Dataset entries
Start of Block
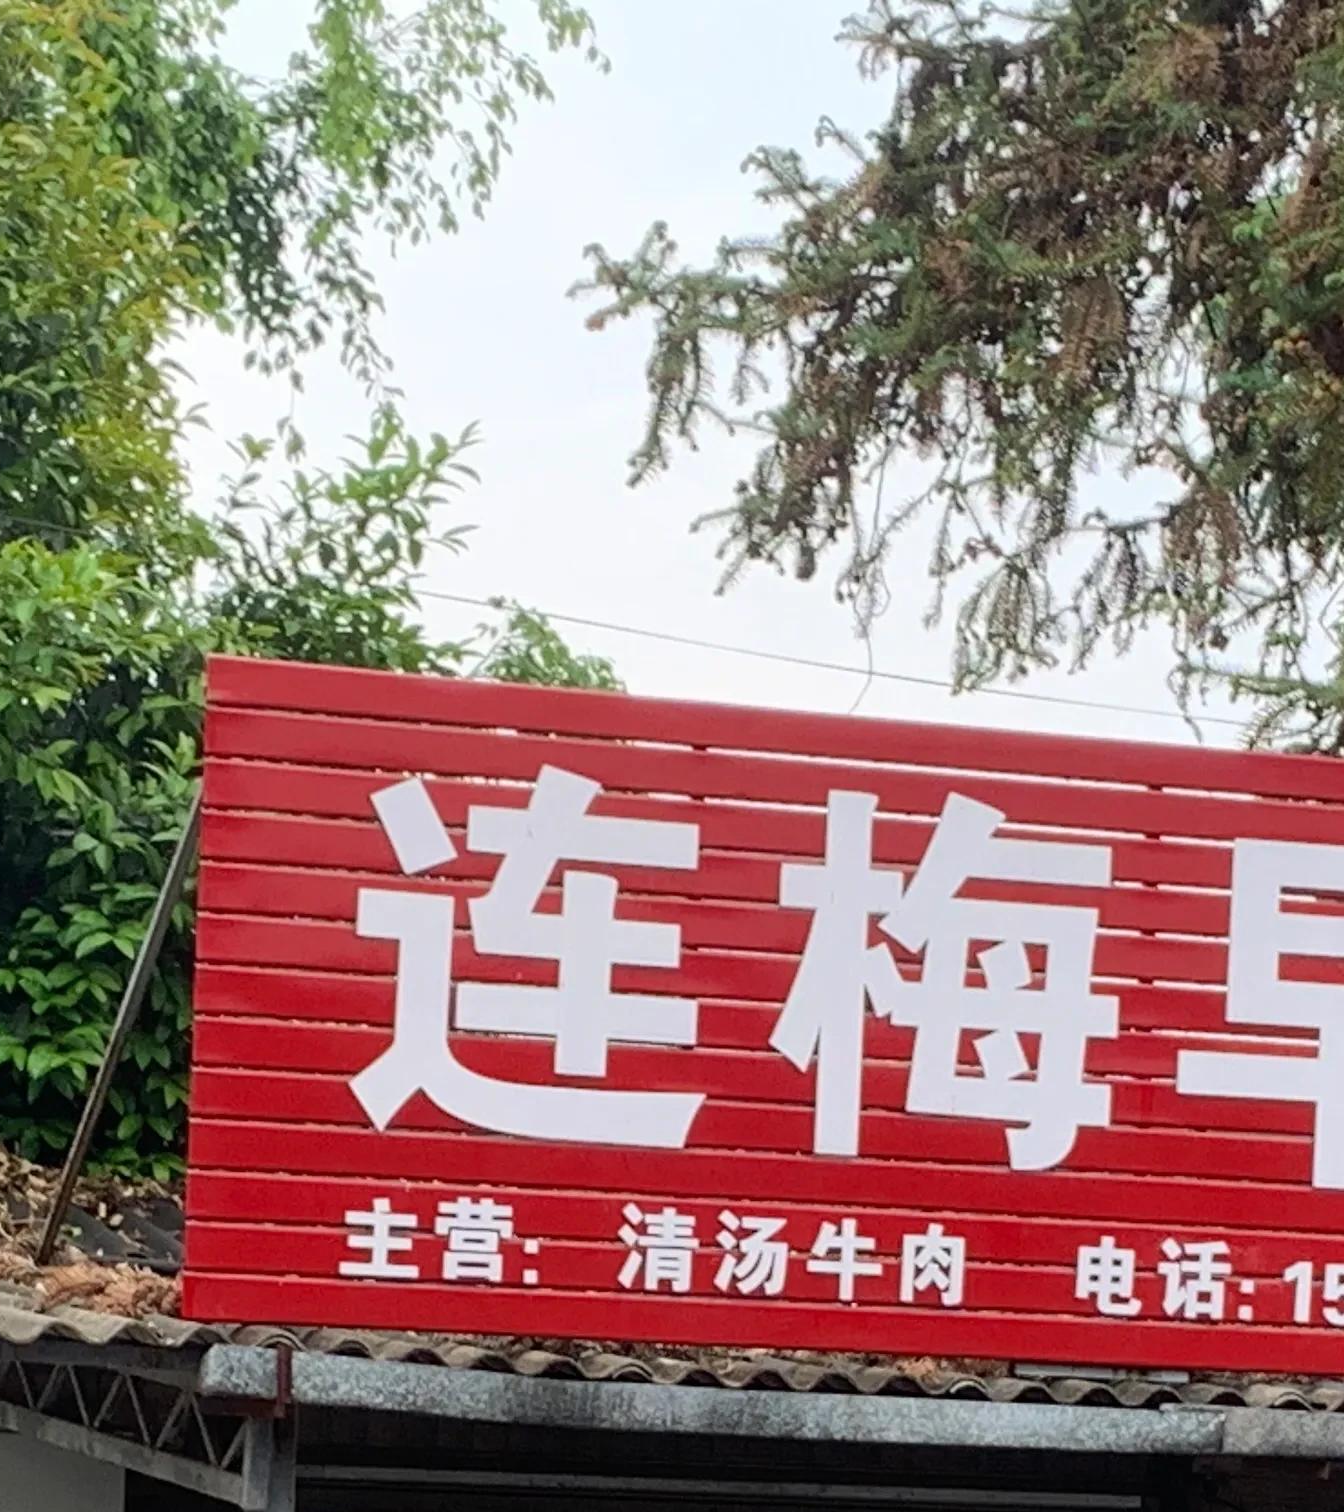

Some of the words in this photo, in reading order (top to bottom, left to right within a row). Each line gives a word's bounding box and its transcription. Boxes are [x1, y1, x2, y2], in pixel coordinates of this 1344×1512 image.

[339, 1197, 539, 1286] 主营：
[616, 1202, 968, 1307] 清汤牛肉
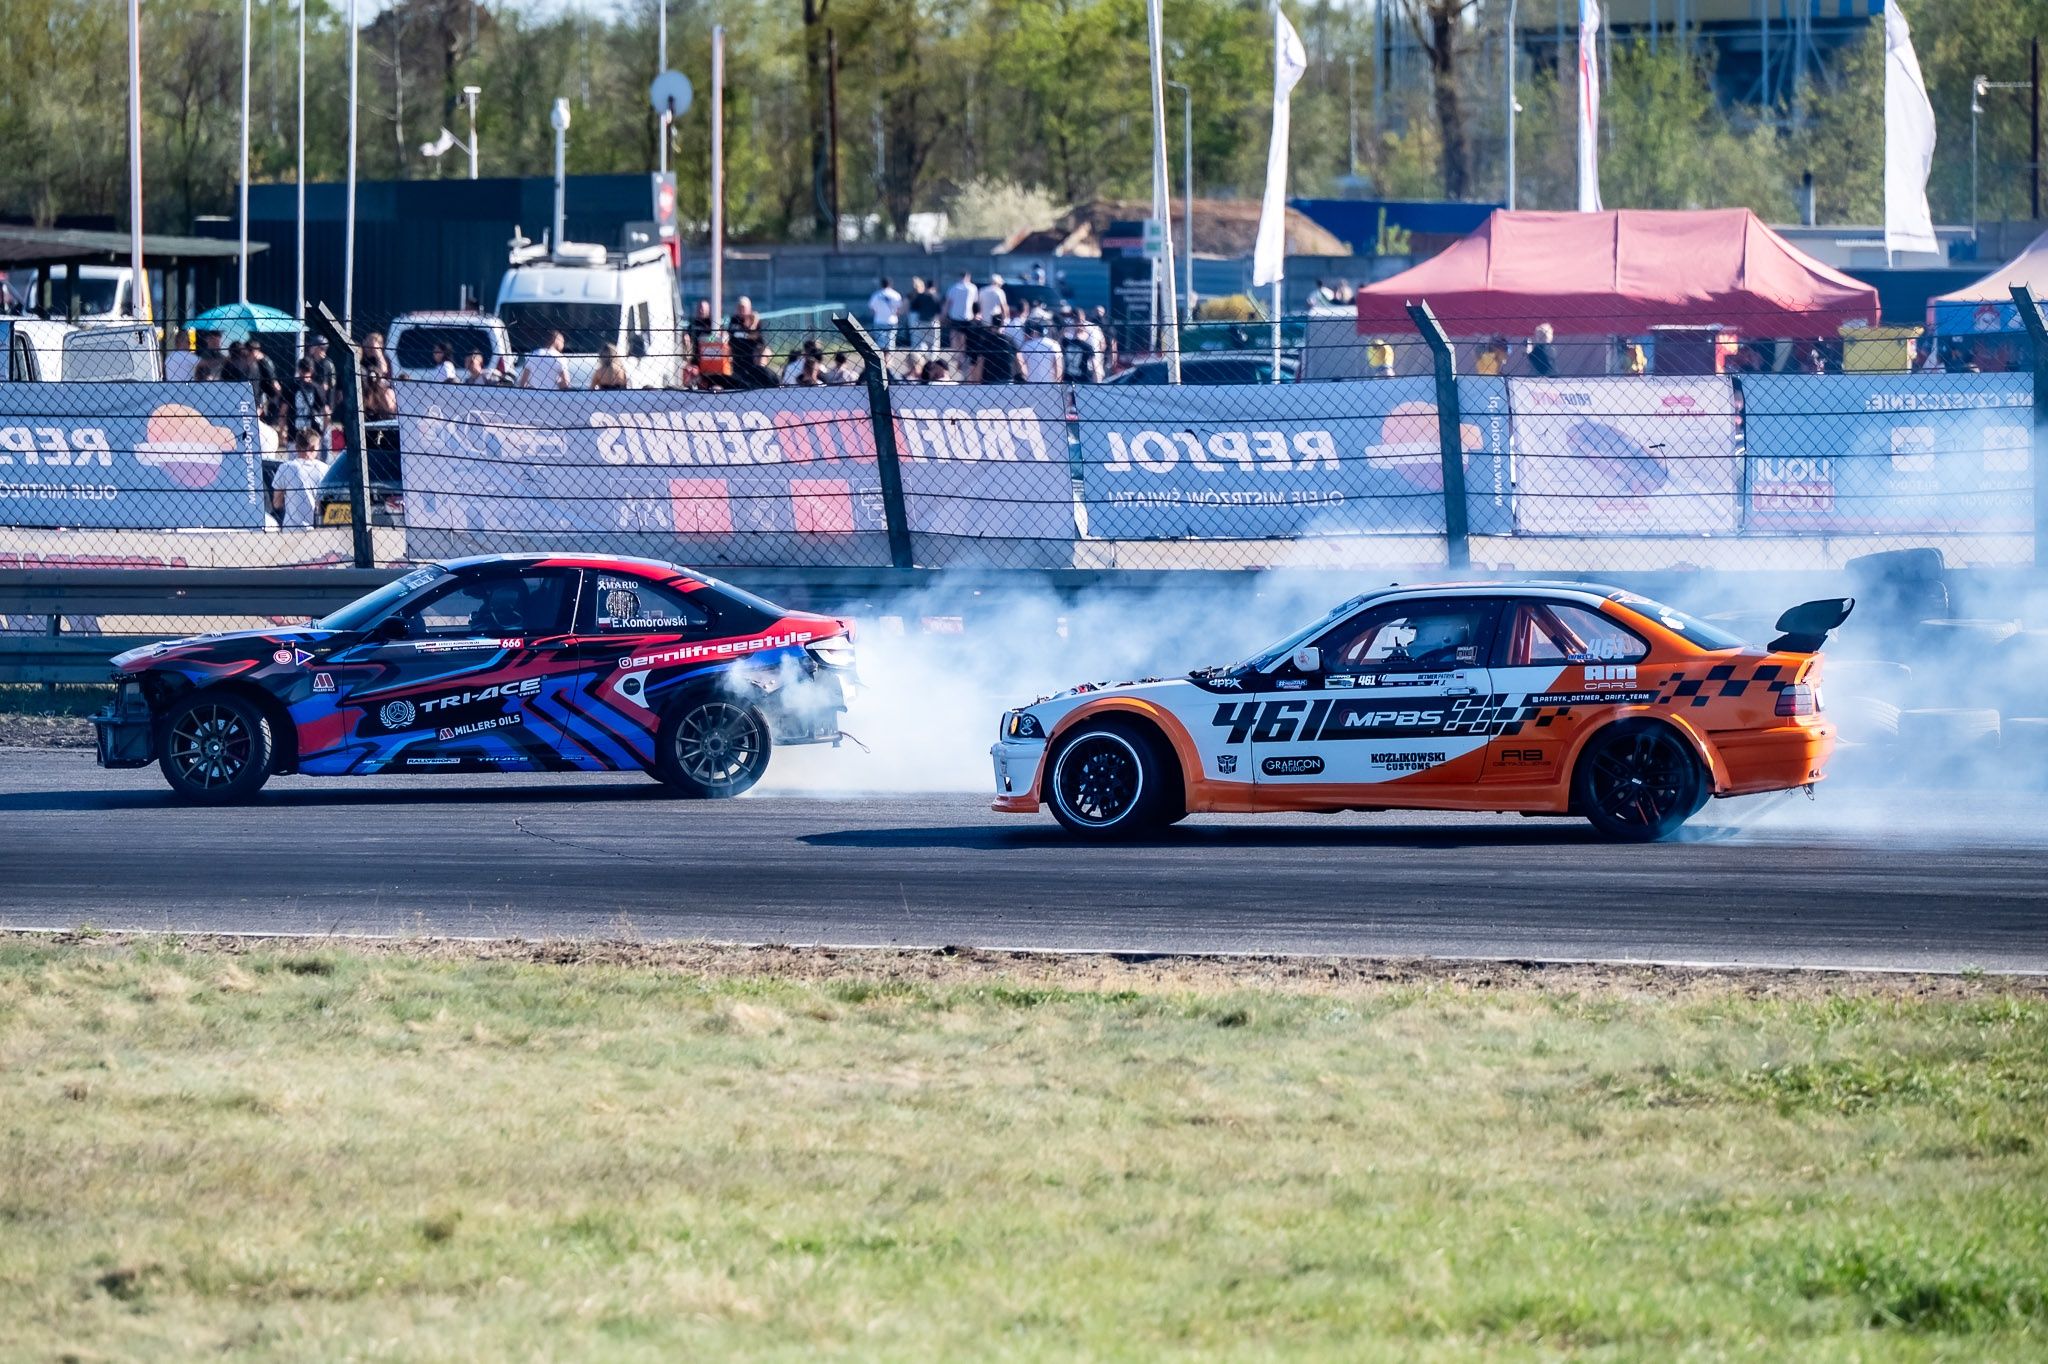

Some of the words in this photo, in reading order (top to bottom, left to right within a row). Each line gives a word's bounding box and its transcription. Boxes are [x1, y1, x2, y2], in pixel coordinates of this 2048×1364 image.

[606, 581, 639, 589] MARIO
[612, 615, 688, 628] E.Komorowski
[501, 638, 521, 648] 666
[1588, 638, 1625, 660] 461
[1584, 665, 1637, 680] AM
[1357, 674, 1376, 686] 461
[1584, 681, 1637, 690] CARS
[419, 677, 541, 713] TRI-ACE
[455, 718, 497, 736] MILLERS
[498, 714, 521, 726] OILS
[1211, 699, 1331, 744] 461
[1344, 710, 1444, 727] MPBS
[1265, 759, 1321, 770] GRAFICON
[1386, 762, 1431, 771] CUSTOMS
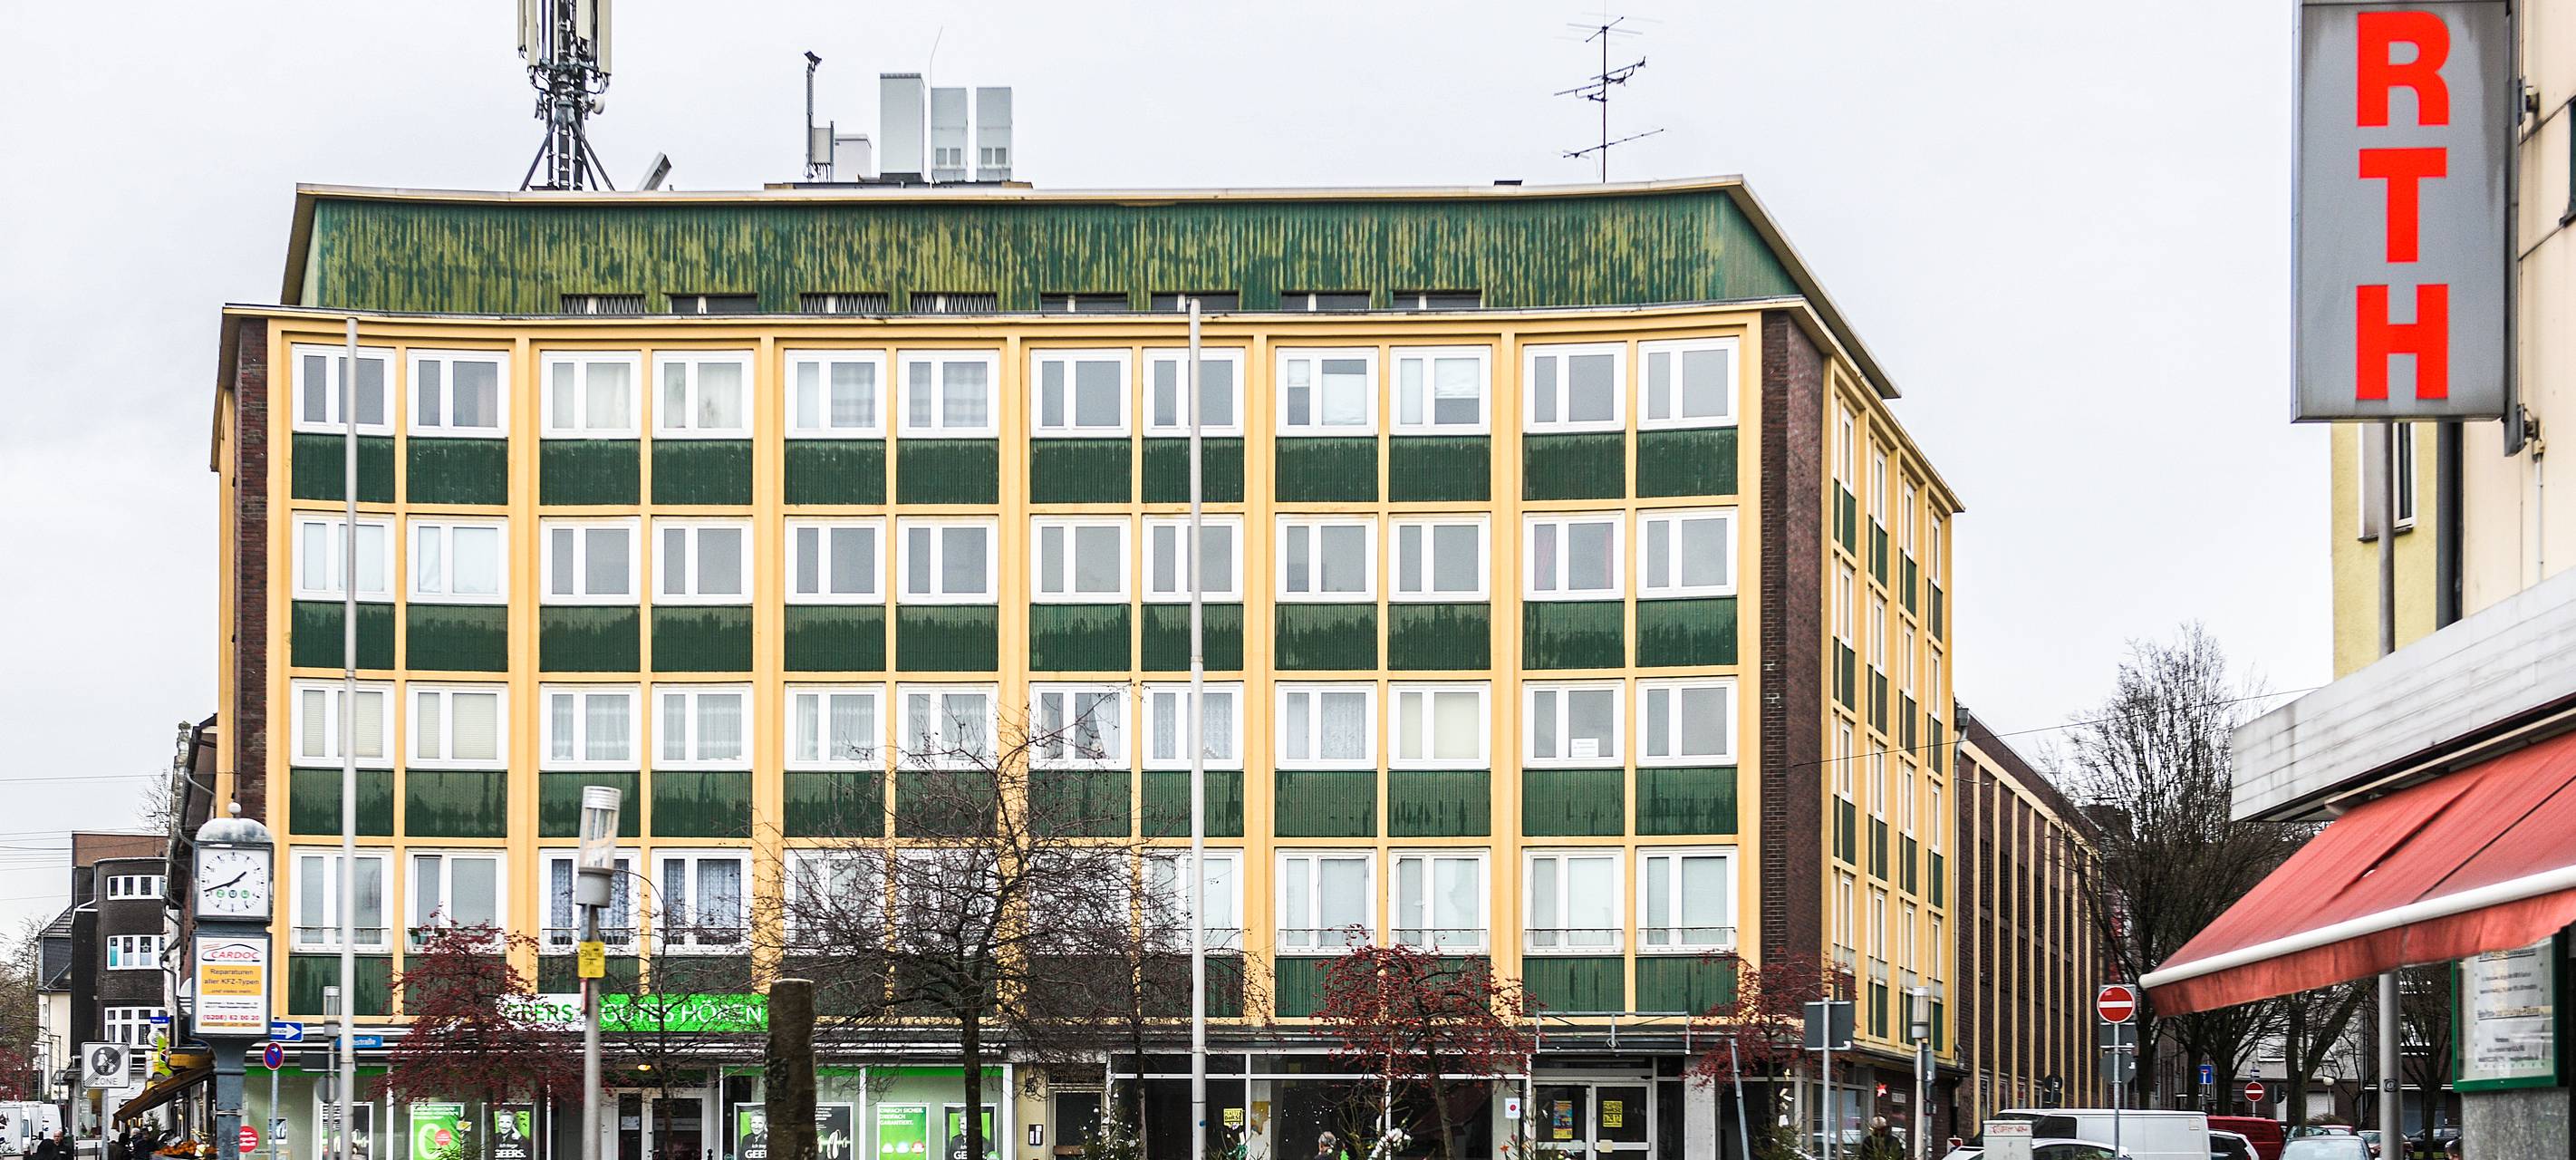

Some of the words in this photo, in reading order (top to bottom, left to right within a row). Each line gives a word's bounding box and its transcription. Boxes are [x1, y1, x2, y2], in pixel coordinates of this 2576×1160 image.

[211, 951, 259, 959] CARDOC
[210, 968, 254, 976] Reparaturen
[221, 978, 259, 986] KFZ-Typen
[601, 1002, 674, 1023] GUTES
[681, 1000, 762, 1022] HÖREN
[94, 1078, 118, 1086] ZONE
End of Block
Repeat each entry above exactly. Omit the pictures.

» **Solved exercise**:
Some of the words in this photo, in reading order (top to bottom, left to right within a row). Each line gives a word's bounding box and its transcription. Boxes are [x1, y1, x2, y2], in pixel coordinates of this 1344×1512 image.

[339, 1197, 539, 1286] 主营：
[616, 1202, 968, 1307] 清汤牛肉

Some of the words in this photo, in reading order (top to bottom, left to right within a row). Each line gives a word's bounding box and its transcription. Boxes are [x1, y1, x2, y2], in pixel coordinates of this 2048×1364 image.

[606, 581, 639, 589] MARIO
[612, 615, 688, 628] E.Komorowski
[501, 638, 521, 648] 666
[1588, 638, 1625, 660] 461
[1584, 665, 1637, 680] AM
[1357, 674, 1376, 686] 461
[1584, 681, 1637, 690] CARS
[419, 677, 541, 713] TRI-ACE
[455, 718, 497, 736] MILLERS
[498, 714, 521, 726] OILS
[1211, 699, 1331, 744] 461
[1344, 710, 1444, 727] MPBS
[1265, 759, 1321, 770] GRAFICON
[1386, 762, 1431, 771] CUSTOMS

Some of the words in this photo, in reading order (top to bottom, left to right within a row). Each line gives a word's bounding box and its transcription. Boxes are [x1, y1, x2, y2], in pixel coordinates of this 2576×1160 image.

[211, 951, 259, 959] CARDOC
[210, 968, 254, 976] Reparaturen
[221, 978, 259, 986] KFZ-Typen
[601, 1002, 674, 1023] GUTES
[681, 1000, 762, 1022] HÖREN
[94, 1078, 118, 1086] ZONE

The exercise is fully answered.